Later they sat on a rail fence beside the barn and watched the sun set. Silvie thought she had never seen anything so colorful as the streaks of orange, pink and red which completely filled the western sky. They were quiet. Matt looked past Silvie then, out past the barns and outbuildings and the animals, past the neat round stacks of hay, out to the very ends of his land, as if at some private dream. When he turned back to look at her, she felt as if her heart would burst.
They were married in the spring and moved into a mobile home on a new section of land. Here they would live until the house they planned was finished. Her mother-in-law taught her how to garden and can, and how to make the kinds of hot suppers that you could take out to the fields at harvest. Silvie was horrified the first time she watched Matt service a cow with A-I. And when it was calving time she understood precisely what Matt meant when he had said, “if they’re having trouble calving, sometimes you have to go in after them.”
Because they were struggling at first, Silvie kept her teaching job right up until after her third child was born, taking maternity leaves and going back to work as soon as she could. Her mother-in-law or sister-in-law babysat her toddlers. Now, she only subbed during the winter.
Occasionally someone would ask her if she missed B.C. and the mountains, and she would always reply, “not the mountains so much as the water.”
She dug out Ocean Sounds once more, put it back into the cassette player, and began rolling out pie crust and cutting up apples. Finally, her kitchen table and every available inch of counter space was laid with neat, round pies. It was past time to get supper started. She’d have to hurry if she planned to get it out there by six thirty like she promised. She’d have to hunt for the kids. They really would have a picnic tonight, she decided. And then she would stay to help with the combining. They had had extraordinarily good weather for harvest, but one never knew when bad weather would set in.

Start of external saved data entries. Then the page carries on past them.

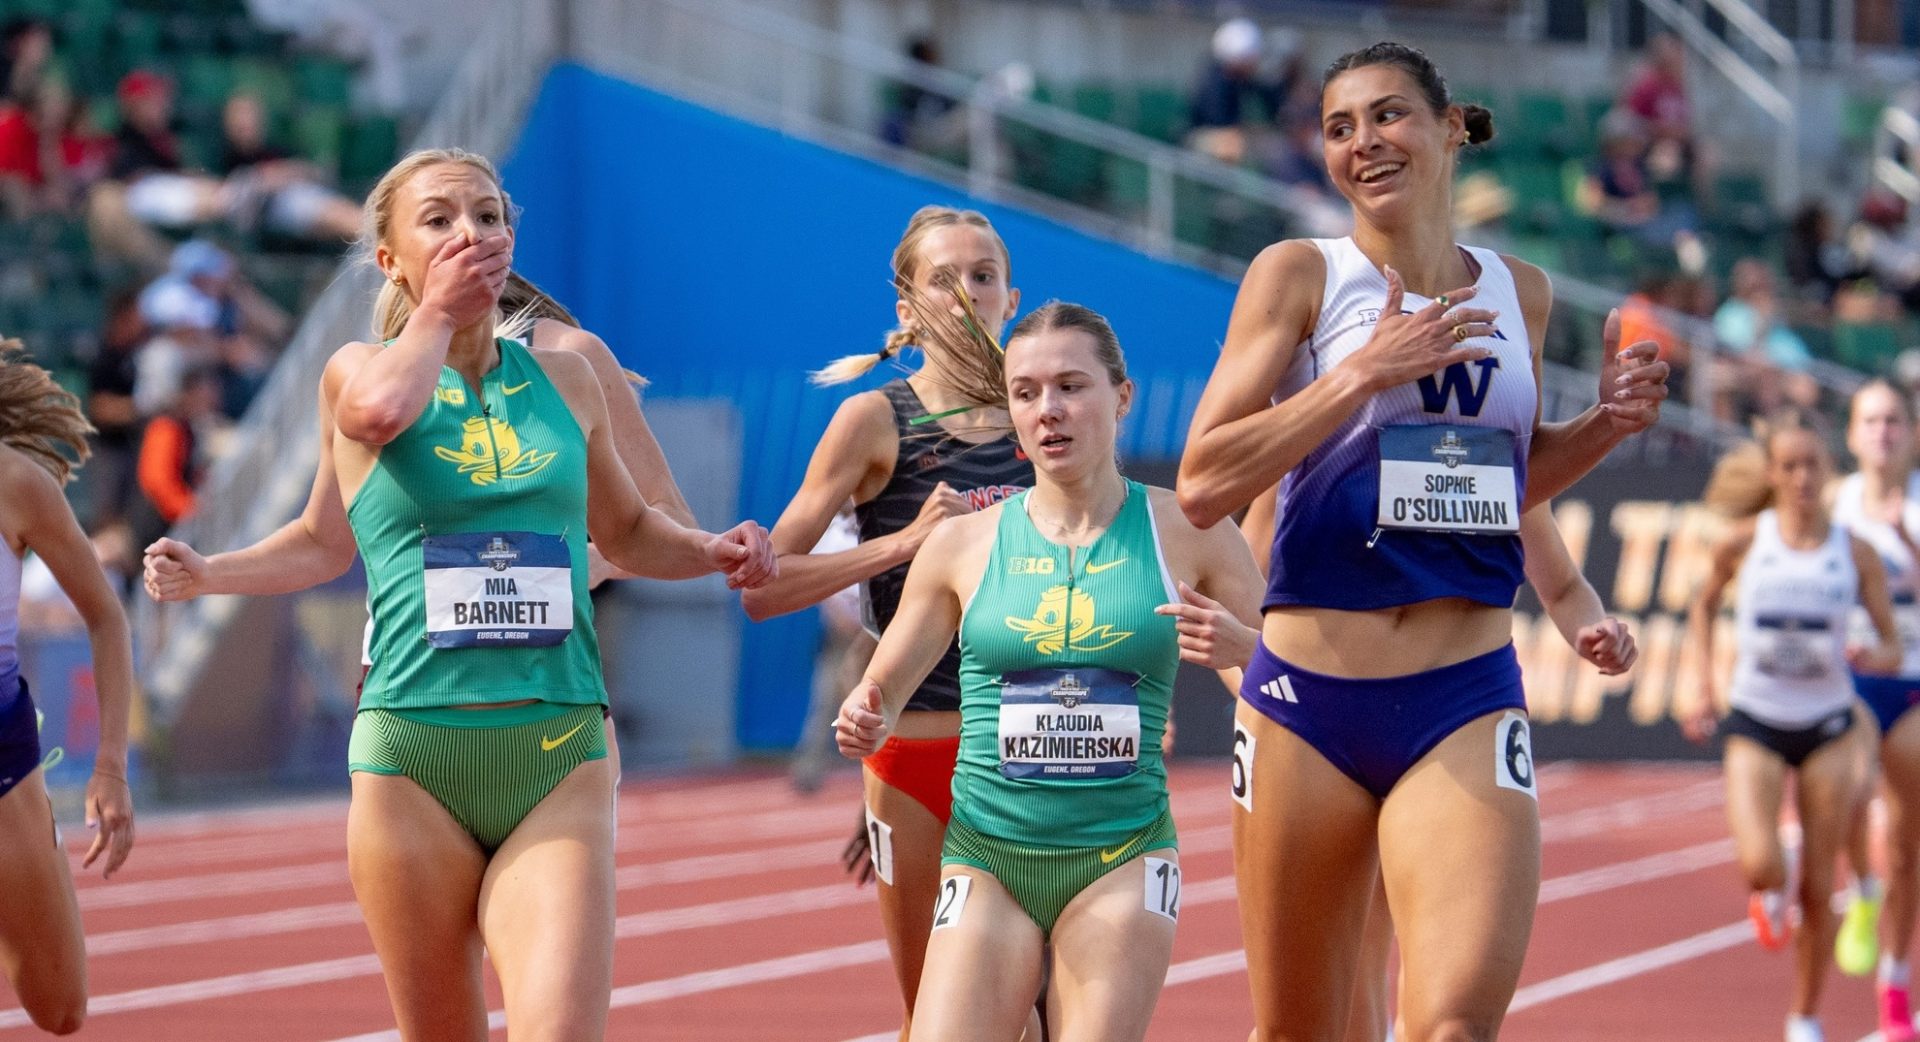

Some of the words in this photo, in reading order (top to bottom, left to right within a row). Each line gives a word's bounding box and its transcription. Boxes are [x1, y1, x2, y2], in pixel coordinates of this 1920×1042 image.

[1417, 357, 1500, 417] W
[1424, 474, 1477, 494] SOPHIE
[1393, 497, 1508, 525] O'SULLIVAN
[485, 578, 518, 596] MIA
[454, 601, 549, 625] BARNETT
[476, 631, 503, 640] EUGENE,
[504, 631, 530, 640] OREGON
[1036, 714, 1104, 732] KLAUDIA
[1004, 736, 1134, 759] KAZIMIERSKA
[1505, 719, 1533, 788] 6
[1043, 765, 1069, 773] EUGENE,
[1070, 765, 1096, 773] OREGON
[1232, 729, 1247, 798] 6
[1156, 862, 1179, 919] 12

She climbed into to the pickup, placed the hamper of hot food beside her, and turned around and waved to her children to please sit down in back. As she drove down the familiar dirt road out into the field where Matt and the hired men were working, a white gull swooped down in front of her. She wondered about that gull. Had it flown east from Port Hardy little by little, and was now so firmly entrenched on the land that it couldn’t find its way back? Did it miss the salt smell of sea weed, the sound of a fog horn at night, the taste of fresh ocean fish? Would it ever go back to stay? Did it really want to?